Transcribe exactly every line from the one containing "Some of the text" down to the final line of the listing below, including both, and leave out the rest.

(Provided data Opens)

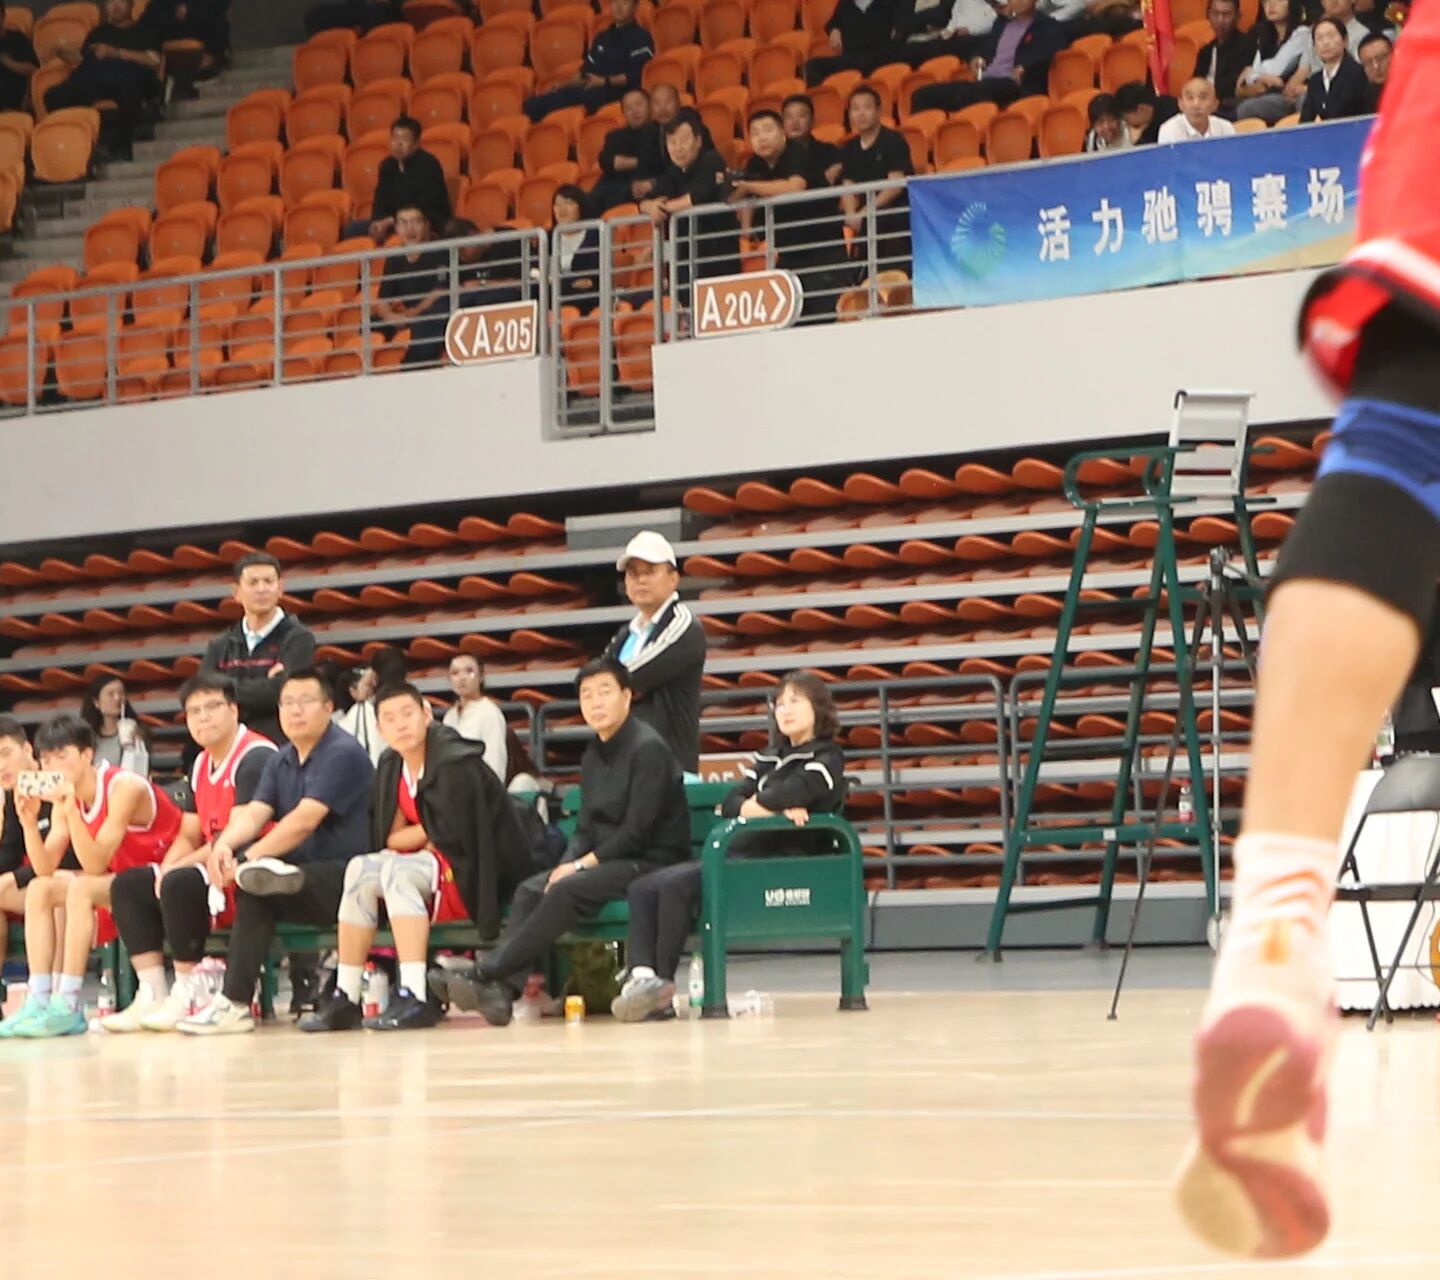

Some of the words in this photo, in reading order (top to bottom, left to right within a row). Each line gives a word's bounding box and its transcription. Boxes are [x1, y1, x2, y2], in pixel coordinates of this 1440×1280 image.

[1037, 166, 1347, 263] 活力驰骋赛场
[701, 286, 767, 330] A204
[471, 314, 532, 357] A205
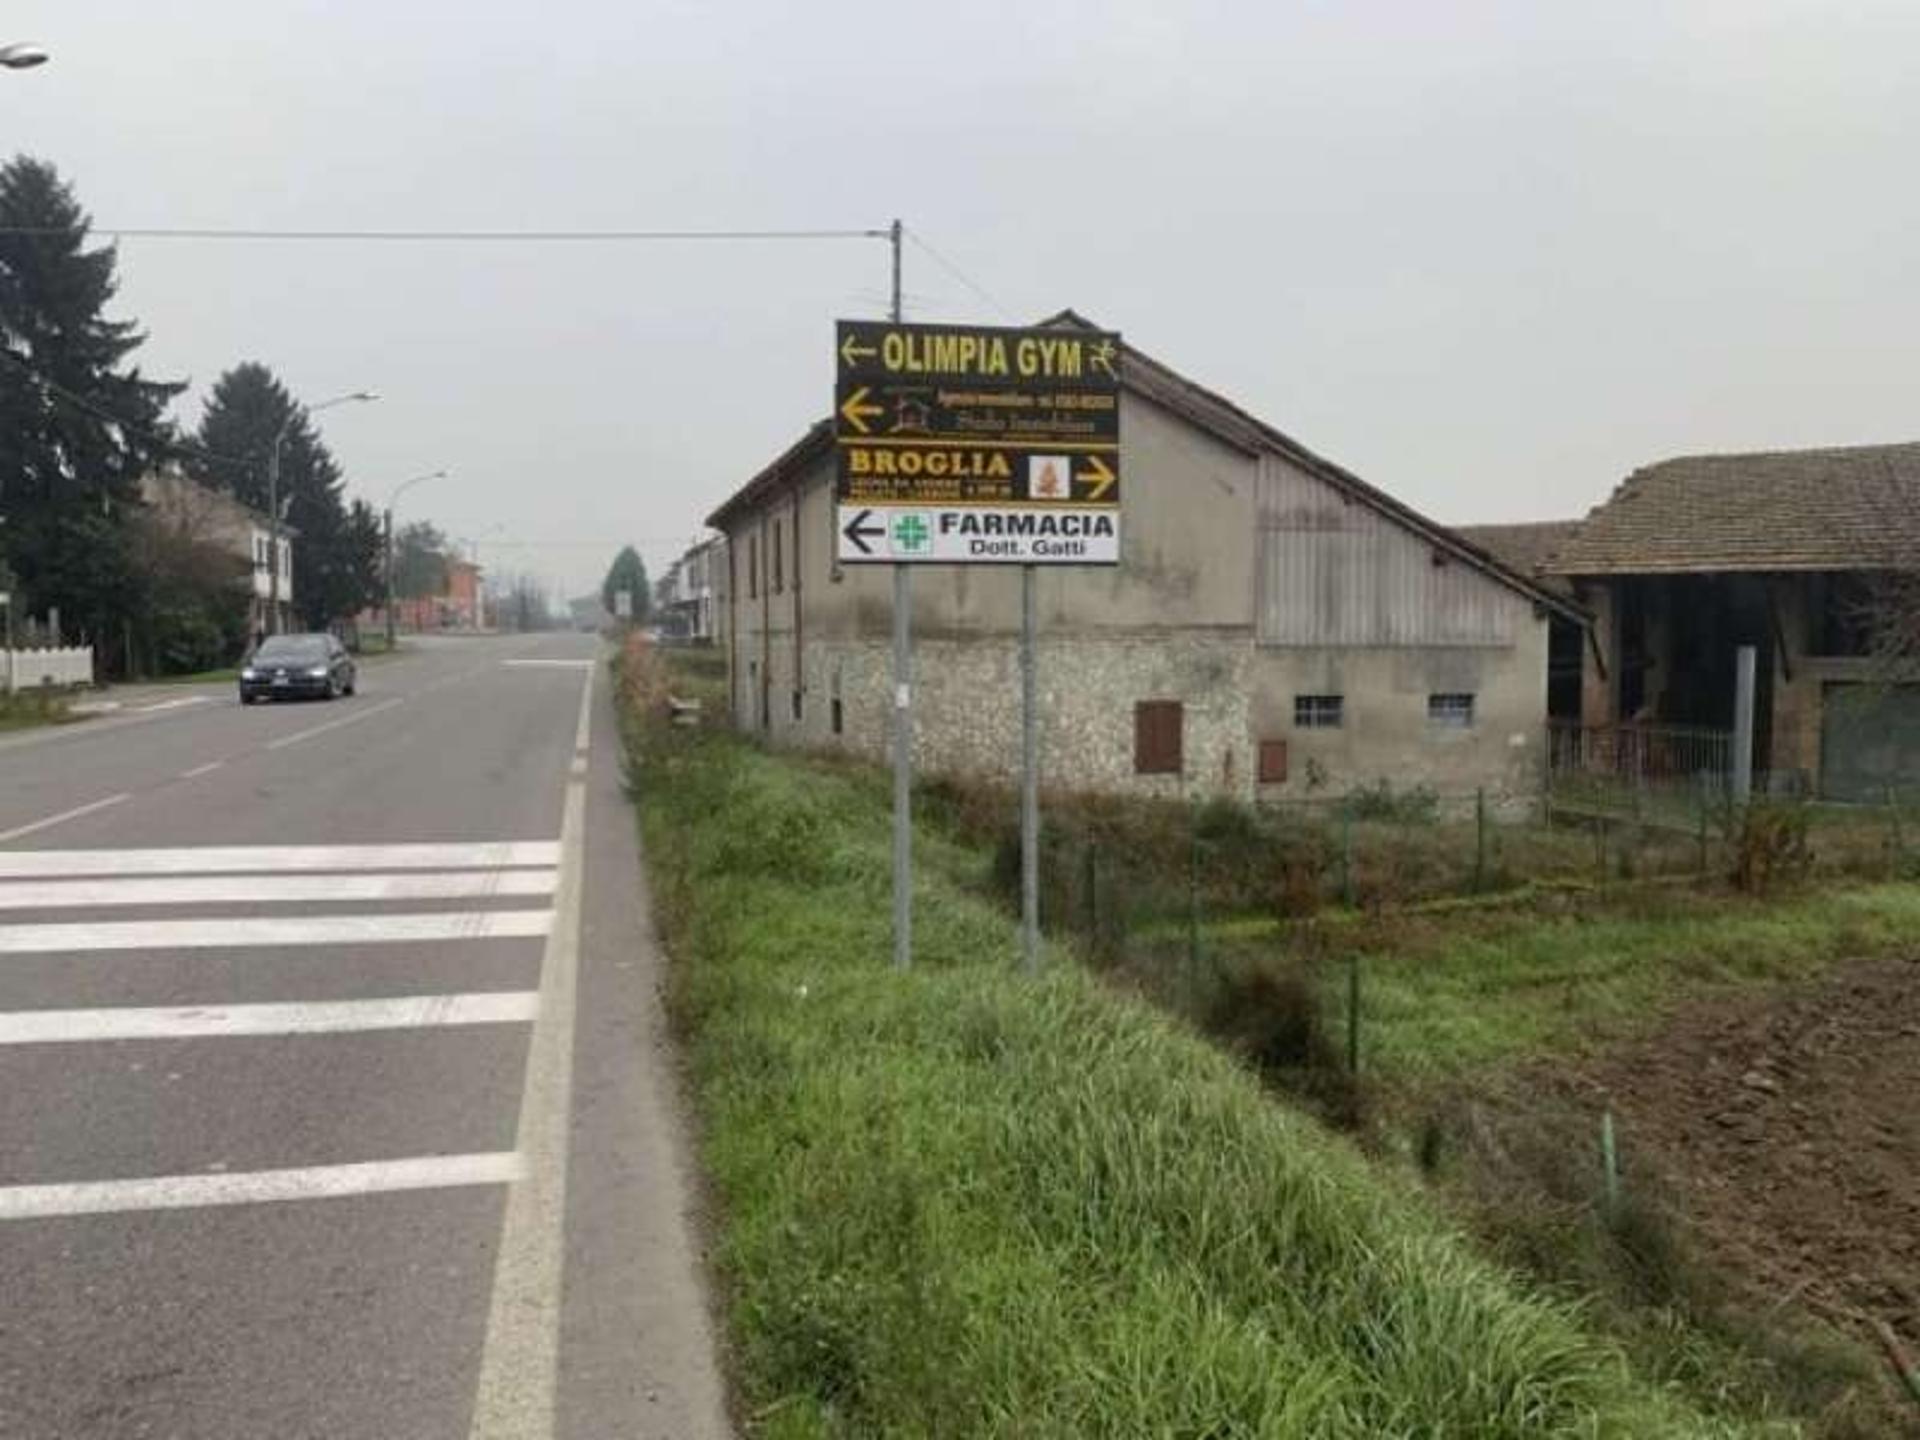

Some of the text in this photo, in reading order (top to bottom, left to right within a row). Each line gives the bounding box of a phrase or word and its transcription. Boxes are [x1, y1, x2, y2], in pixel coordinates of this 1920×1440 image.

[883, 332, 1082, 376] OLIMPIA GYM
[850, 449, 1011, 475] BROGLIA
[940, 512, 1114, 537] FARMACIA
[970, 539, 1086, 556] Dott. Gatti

(Provided data Closes)

■ **Exercise answer**
Some of the text in this photo, in reading order (top to bottom, left to right within a row). Each line gives the bounding box of a phrase or word and its transcription. Boxes are [x1, y1, x2, y2], in pixel coordinates of this 1920×1440 image.

[883, 332, 1082, 376] OLIMPIA GYM
[850, 449, 1011, 475] BROGLIA
[940, 512, 1114, 537] FARMACIA
[970, 539, 1086, 556] Dott. Gatti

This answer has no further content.